Task item:
Give the data below again exactly as written, without its pictures.

Supplied data:
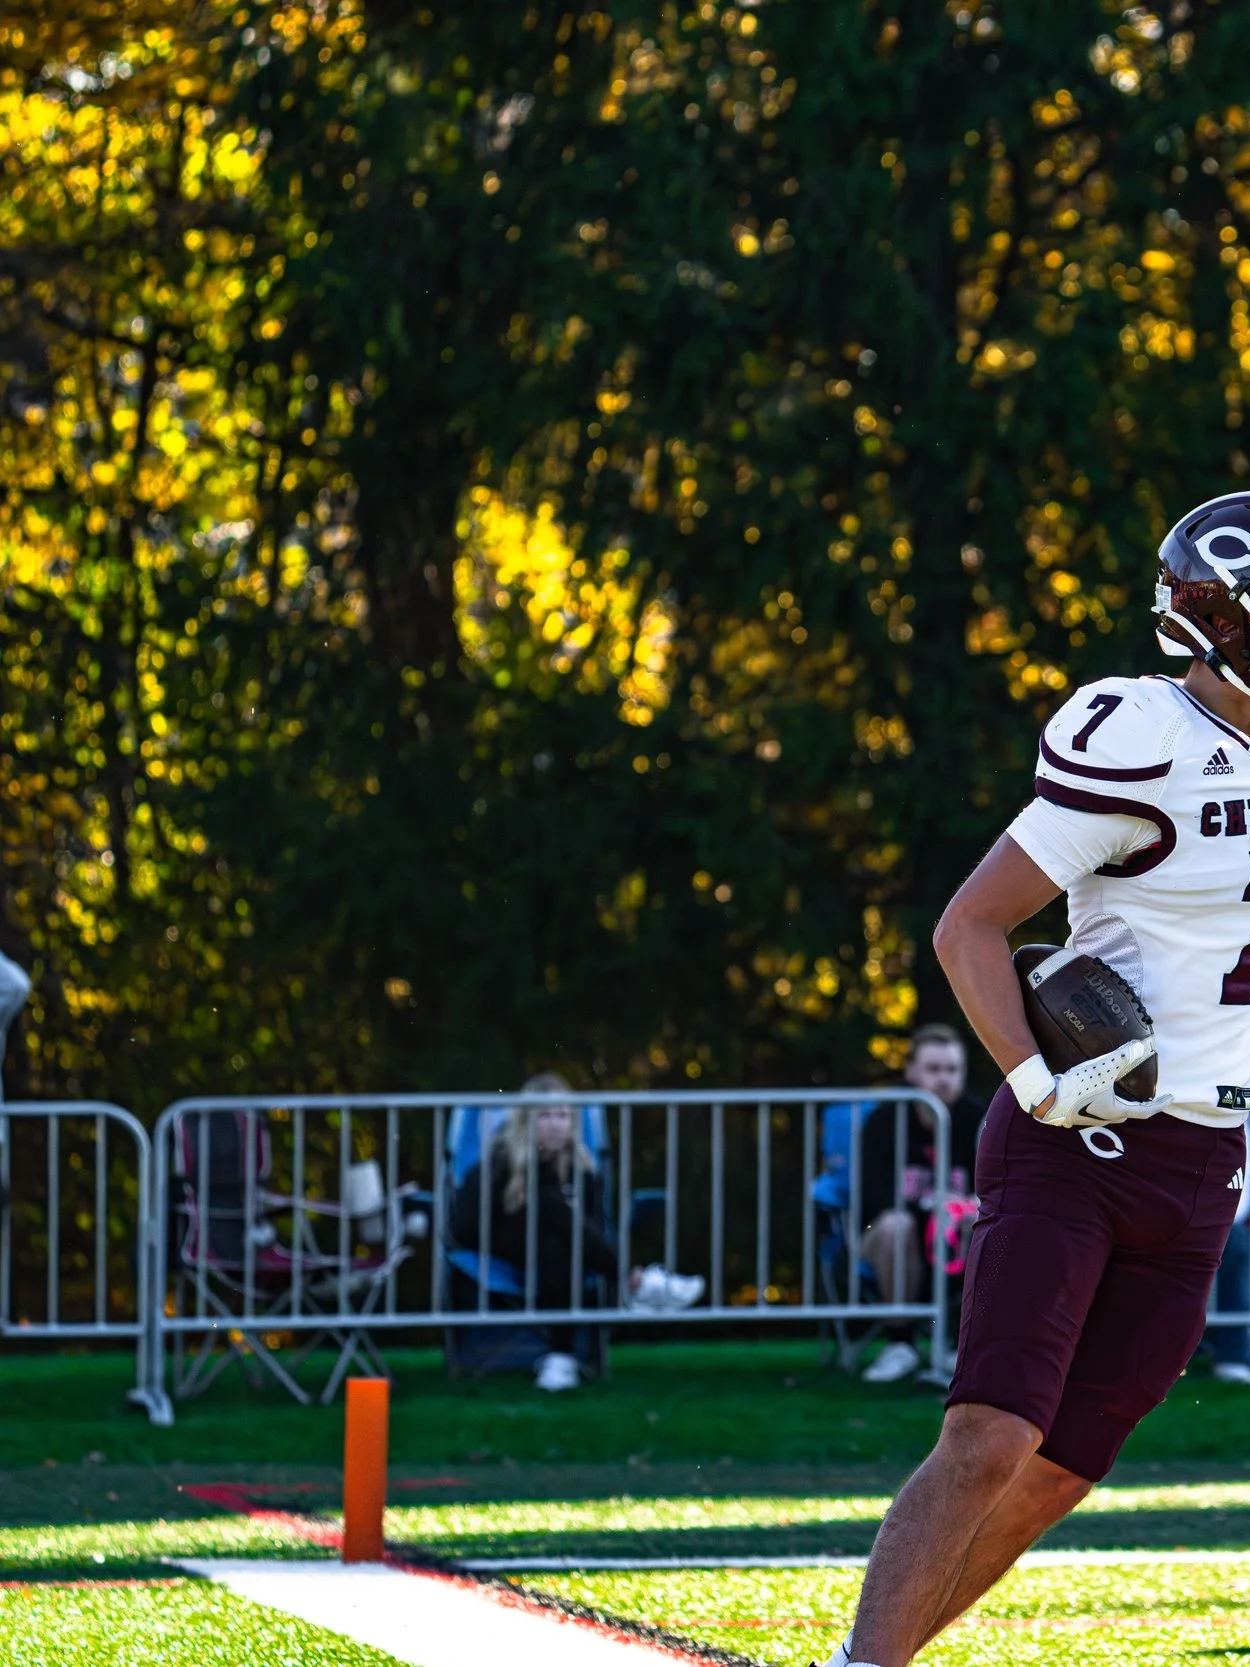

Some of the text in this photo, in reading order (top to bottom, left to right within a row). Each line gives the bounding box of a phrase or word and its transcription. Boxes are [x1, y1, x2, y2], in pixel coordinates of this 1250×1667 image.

[1071, 693, 1124, 752] 7
[1202, 763, 1235, 776] adidas
[1084, 970, 1128, 1026] Wilson
[1063, 1008, 1086, 1033] NCAA
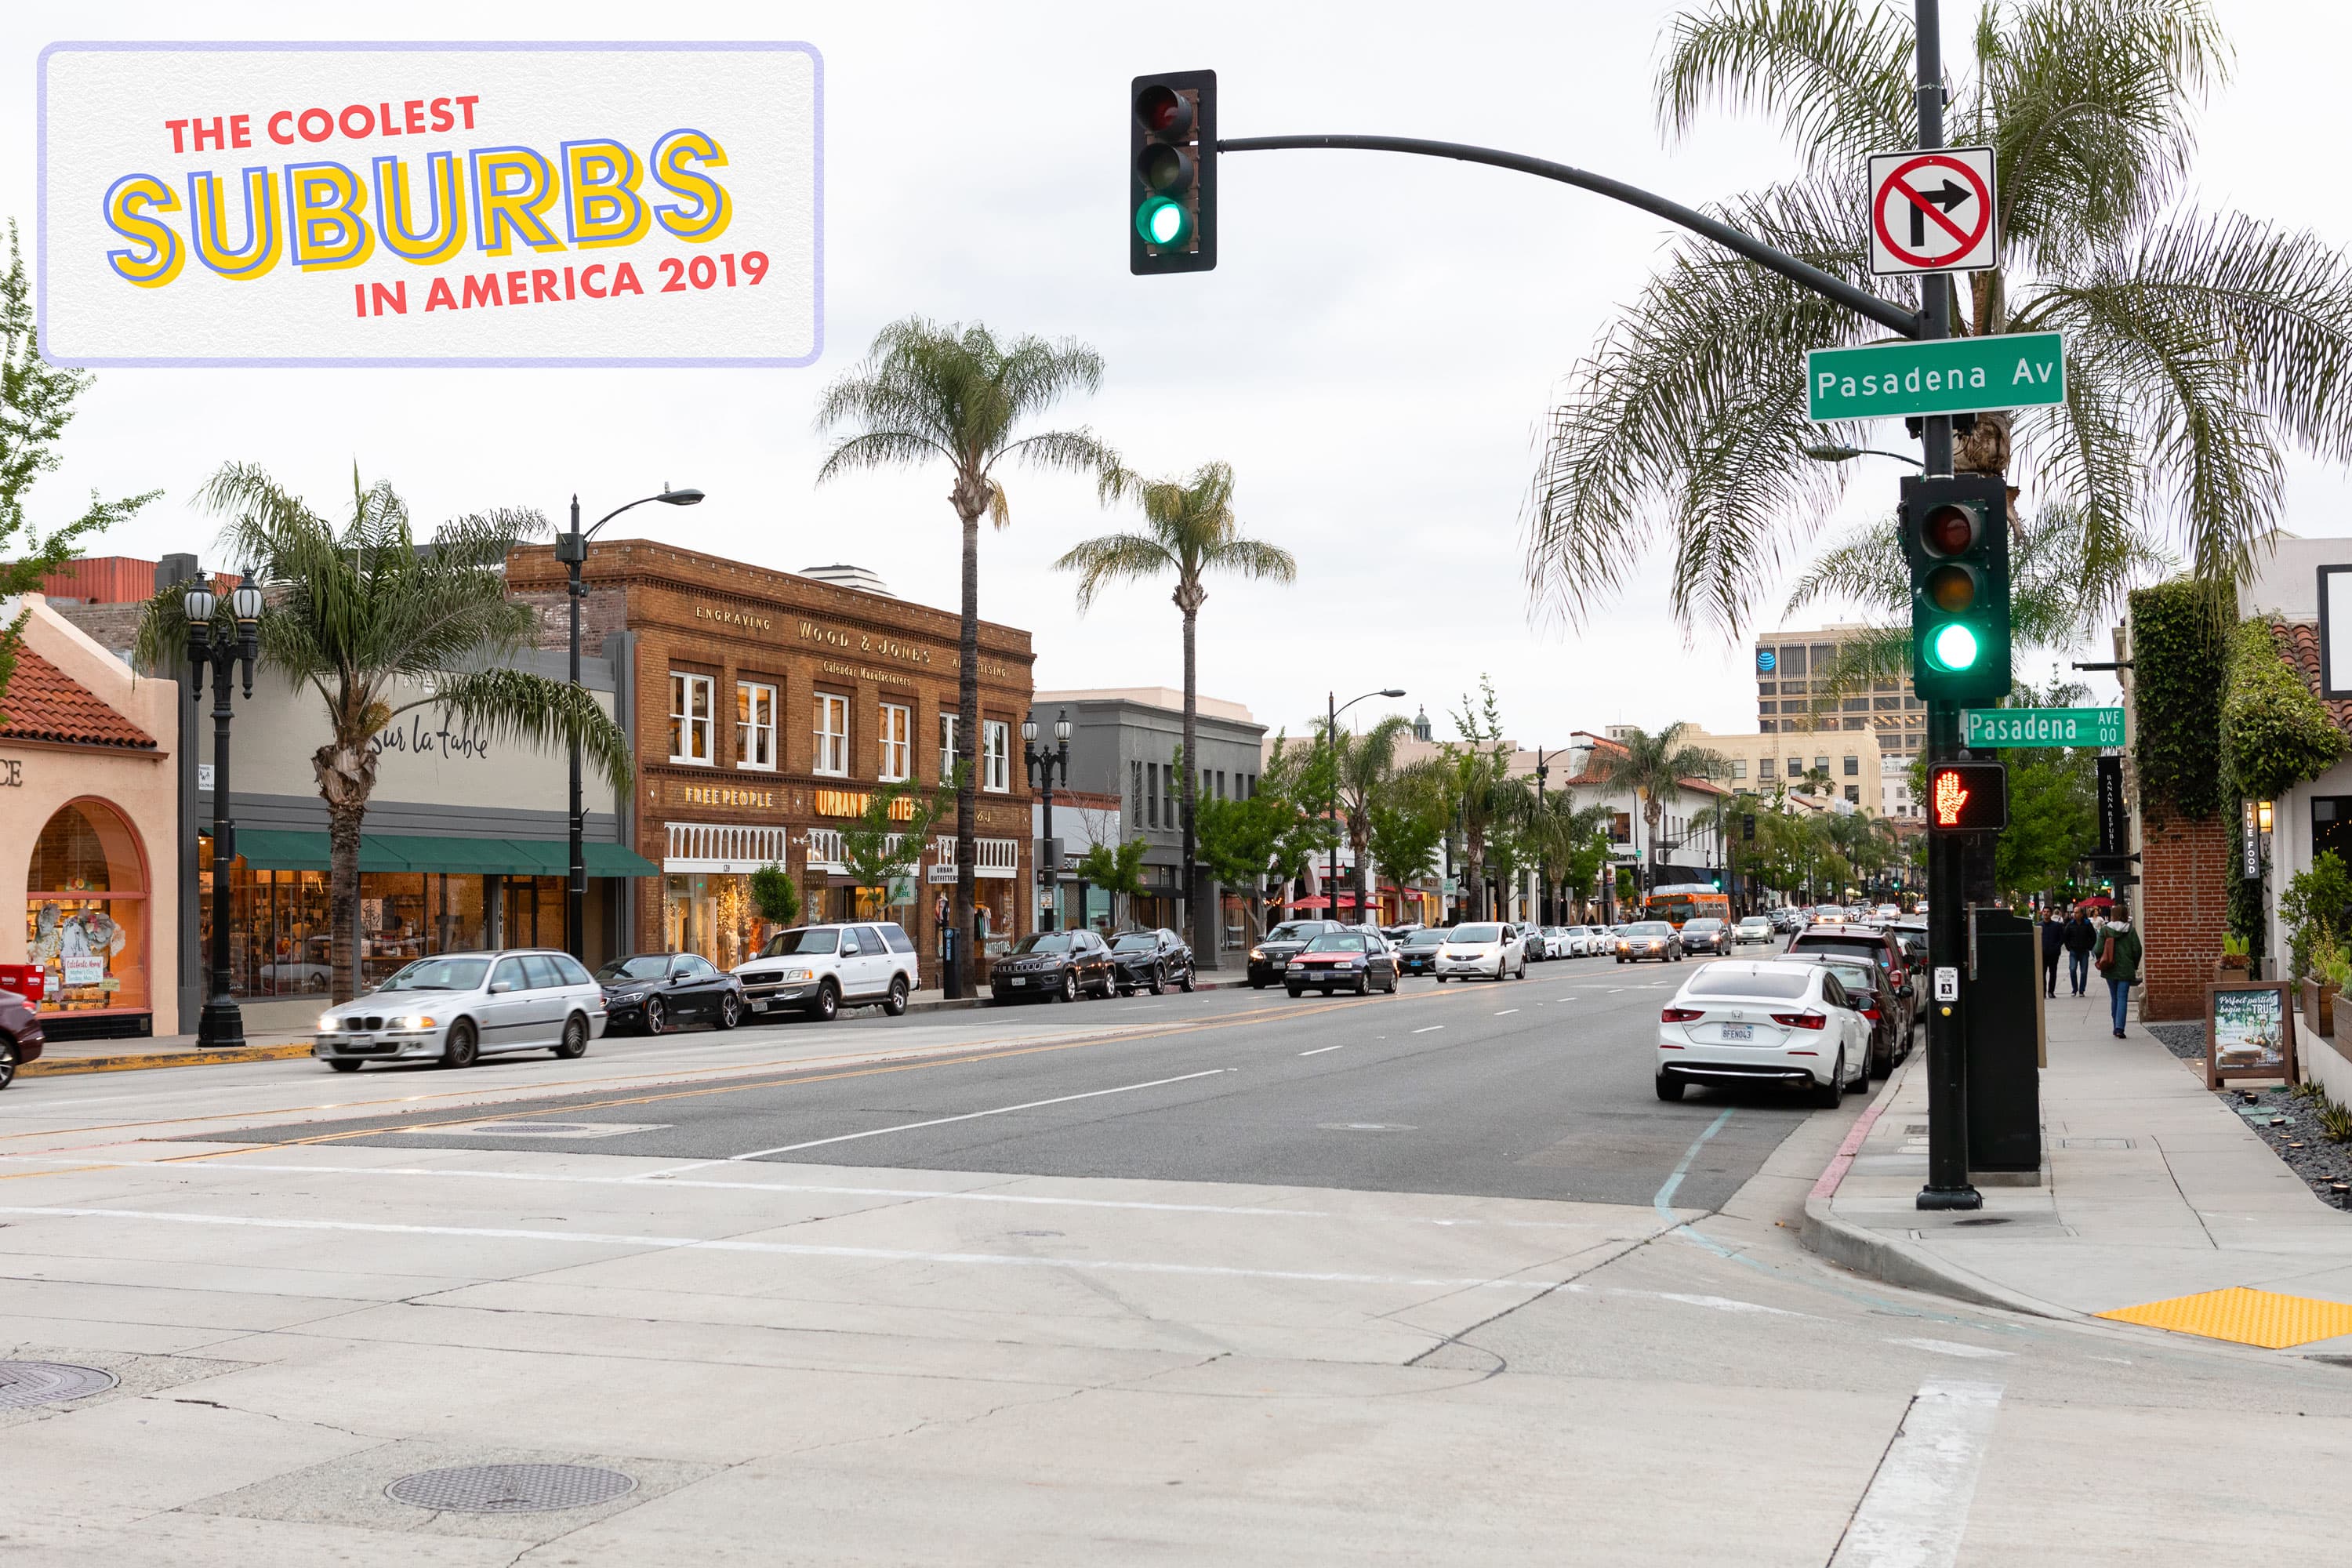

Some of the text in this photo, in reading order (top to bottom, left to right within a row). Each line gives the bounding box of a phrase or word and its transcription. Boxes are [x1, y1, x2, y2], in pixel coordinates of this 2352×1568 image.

[1818, 358, 2053, 399] Pasadena Av
[696, 607, 770, 630] ENGRAVING
[861, 636, 870, 652] &
[878, 640, 931, 663] JONES
[823, 660, 910, 687] Calendar Manufacturers
[1969, 713, 2077, 740] Pasadena
[2098, 711, 2120, 725] AVE
[413, 714, 434, 753] la
[685, 787, 773, 807] FREE PEOPLE
[816, 790, 858, 818] URBAN
[2247, 841, 2256, 874] FOOD
[2219, 996, 2274, 1006] Perfect parties
[2220, 1004, 2241, 1015] begin
[2252, 1004, 2274, 1014] TRUE
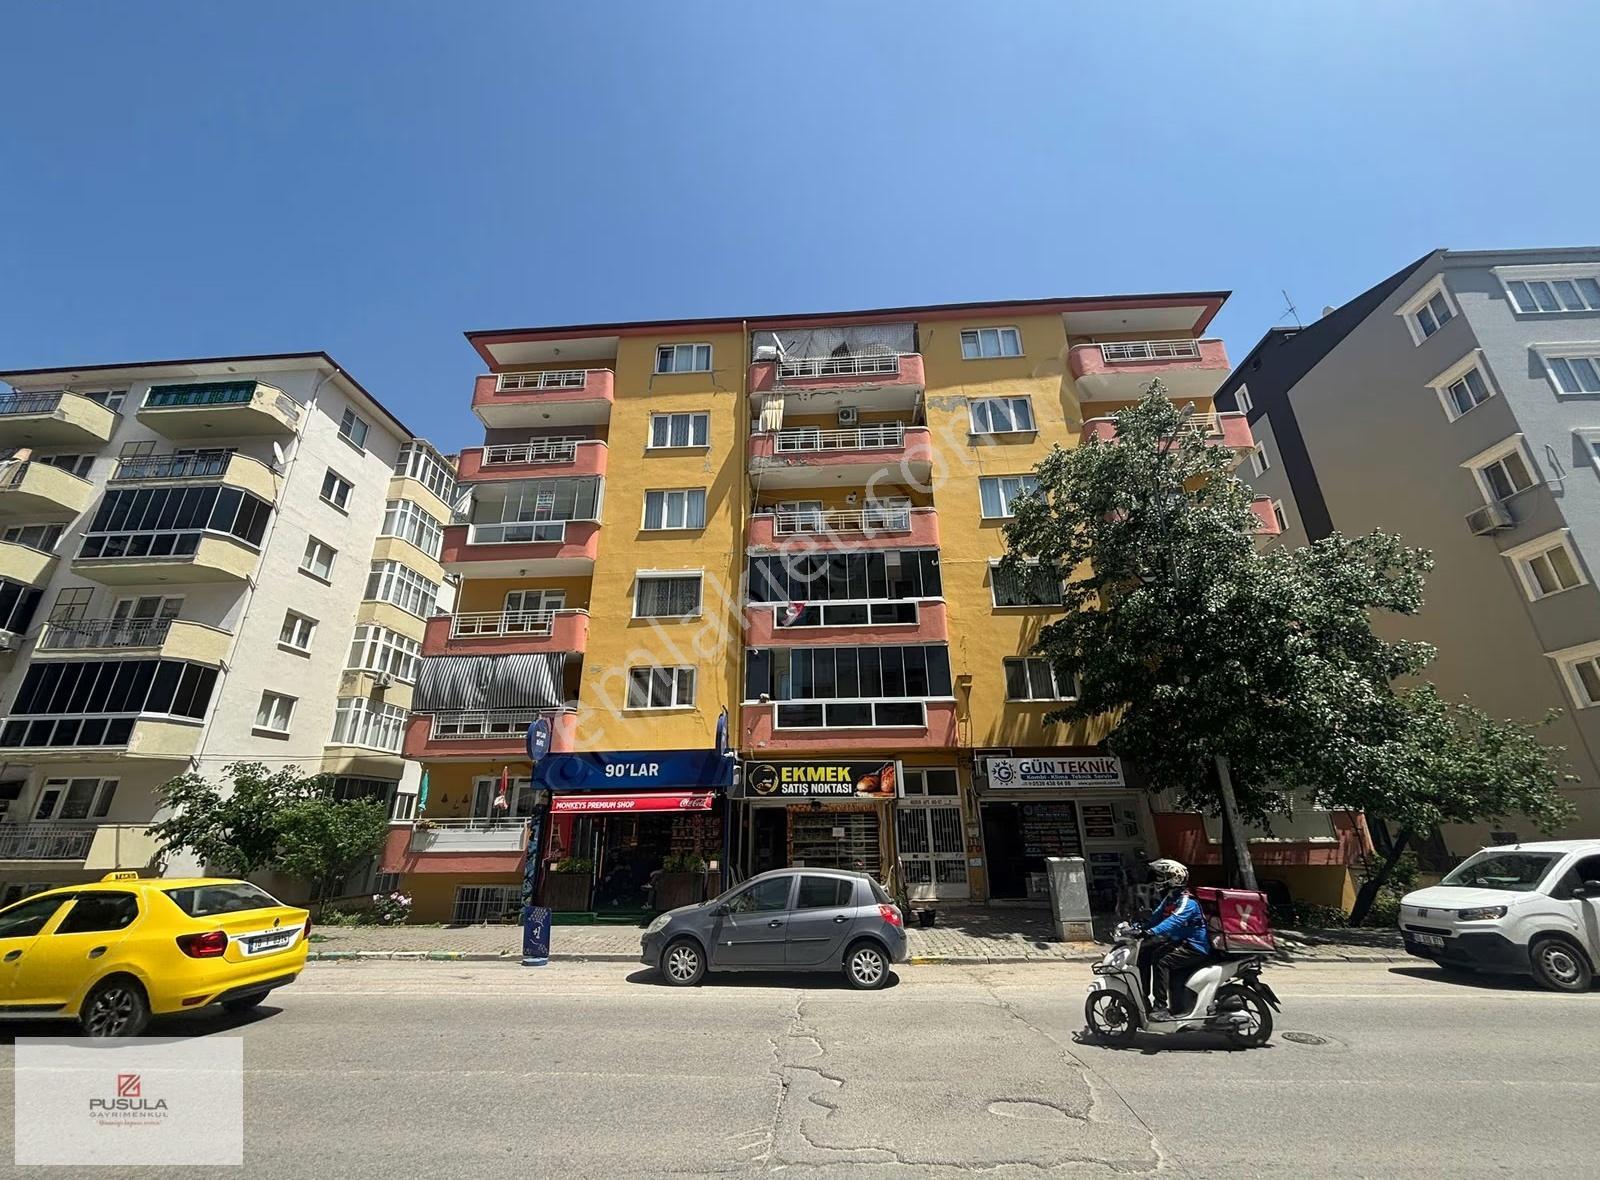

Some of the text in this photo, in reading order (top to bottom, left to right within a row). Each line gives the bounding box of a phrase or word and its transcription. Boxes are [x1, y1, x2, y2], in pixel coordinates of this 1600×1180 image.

[605, 763, 659, 777] 90'LAR
[1019, 758, 1118, 774] GÜN TEKNİK
[781, 766, 852, 782] EKMEK
[781, 783, 852, 796] SATIŞ NOKTASI
[556, 800, 635, 809] MONKEYS PREMIUM SHOP

Answer section:
Some of the text in this photo, in reading order (top to bottom, left to right within a row). Each line gives the bounding box of a phrase or word and its transcription. Boxes are [x1, y1, x2, y2], in pixel coordinates of this 1250×1667 image.

[1071, 693, 1124, 752] 7
[1202, 763, 1235, 776] adidas
[1084, 970, 1128, 1026] Wilson
[1063, 1008, 1086, 1033] NCAA

Some of the text in this photo, in reading order (top to bottom, left to right within a row). Each line gives the bounding box of a phrase or word and its transcription. Boxes are [x1, y1, x2, y2], in pixel coordinates of this 2352×1568 image.

[1818, 358, 2053, 399] Pasadena Av
[696, 607, 770, 630] ENGRAVING
[861, 636, 870, 652] &
[878, 640, 931, 663] JONES
[823, 660, 910, 687] Calendar Manufacturers
[1969, 713, 2077, 740] Pasadena
[2098, 711, 2120, 725] AVE
[413, 714, 434, 753] la
[685, 787, 773, 807] FREE PEOPLE
[816, 790, 858, 818] URBAN
[2247, 841, 2256, 874] FOOD
[2219, 996, 2274, 1006] Perfect parties
[2220, 1004, 2241, 1015] begin
[2252, 1004, 2274, 1014] TRUE

Some of the text in this photo, in reading order (top to bottom, left to right within a row). Each line gives the bounding box of a phrase or word and its transcription. Boxes are [x1, y1, x2, y2], in pixel coordinates of this 1600×1180 image.

[605, 763, 659, 777] 90'LAR
[1019, 758, 1118, 774] GÜN TEKNİK
[781, 766, 852, 782] EKMEK
[781, 783, 852, 796] SATIŞ NOKTASI
[556, 800, 635, 809] MONKEYS PREMIUM SHOP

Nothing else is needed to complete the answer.